Bitcoin’s Future is Shining but BTC Bulls under Liquidation Pressure

bitcoin price rise btc analysis

For mainstream adoption of digital assets, there must be utility. Bitcoin as a peer-to-peer cash system is useful with a secure network that is censorship resistance and immune to politics. With increasing use fueled with next year’s halving, Bitcoin (BTC) is likely to expand.

Bitcoin Price Analysis

Fundamentals

Bitcoin adoption is all about the number of individuals willing to ditch fiat and hold BTC. To satisfactorily gauge how many do, analysts track active Bitcoin addresses. Good news is, despite the cyclic nature of Bitcoin and other asset prices; the number of BTC public addresses is up. Not surprising, the number of BTC users tend to correlate with prices. As BTC prices edge higher, we expect the number of addresses to increase reflecting flow from fiat, further increasing demand and dominance of the world’s most valuable asset. Presently, prices are up, and as analysts project BTC’s next wave of higher highs to blast above 2017 peaks towards $50,000 and even $1 million, investors are upbeat. Technically, candlestick arrangements are supportive but fundamental developments are crucial. A case in point is next year’s halving which, if history is a guide, will likely support prices thanks to reducing scarcity—and encouragingly, increasing demand. That, and the US Presidential election many ruffle traditional markets through uncertainty further boosting Bitcoin, a global coin that is slowly evolving into a new-age asset that can serve as a store of value, a medium of exchange and a settlement layer.

Candlestick Arrangement

Bitcoin (BTC) is up, reversing shocks of early this week. Gains from NY session did spill over, and traders are building on from the Asian and European sessions. At spot rates, BTC is stable.

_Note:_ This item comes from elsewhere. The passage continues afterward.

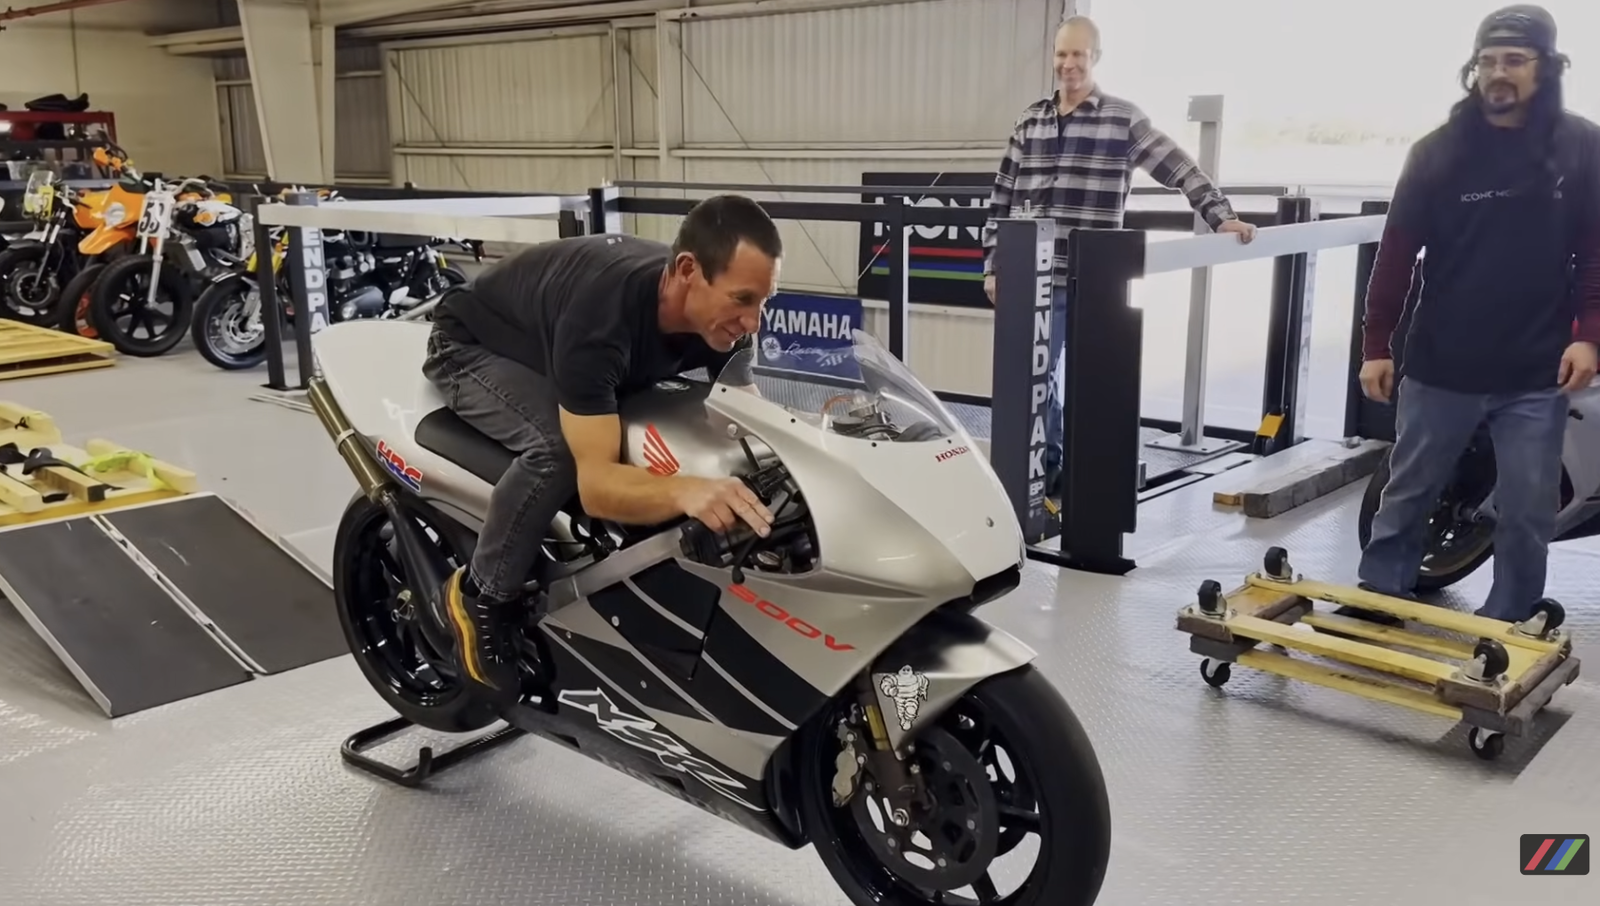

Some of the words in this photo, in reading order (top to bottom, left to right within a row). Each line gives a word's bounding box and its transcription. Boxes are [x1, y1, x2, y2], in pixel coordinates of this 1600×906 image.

[763, 307, 852, 340] YAMAHA
[376, 439, 423, 492] HRC
[727, 584, 855, 651] 500V

Nonetheless, what concerns us is the confirmation of Apr-30 bull bar printing a three-bar bull reversal pattern off $5,000. From our previous BTC/USD trade plan, it was imperative that bulls reject further price depreciation.

Now that prices are edging higher as buyers seek to reverse losses of Apr-30 albeit with low transaction levels our trade conditions hold. Moving on, risk-off, aggressive traders should load at spot rates with stops at $4,950 in line with our previous trade plan. However, for trend continuation and confirmation of Apr-2 buyers, prices must close above the double-bar bear reversal pattern of Apr-24 complete with above average volumes.

Technical Indicators

As aforementioned, buyers are in control. From candlestick arrangement, Apr-2 bear bar determines the short to medium trend. With 18k versus 10k averages, break above $5,600 or $4,950 ought to be with volumes exceeding 10k average volumes, 18k of Apr-25 or 38k of Apr-2.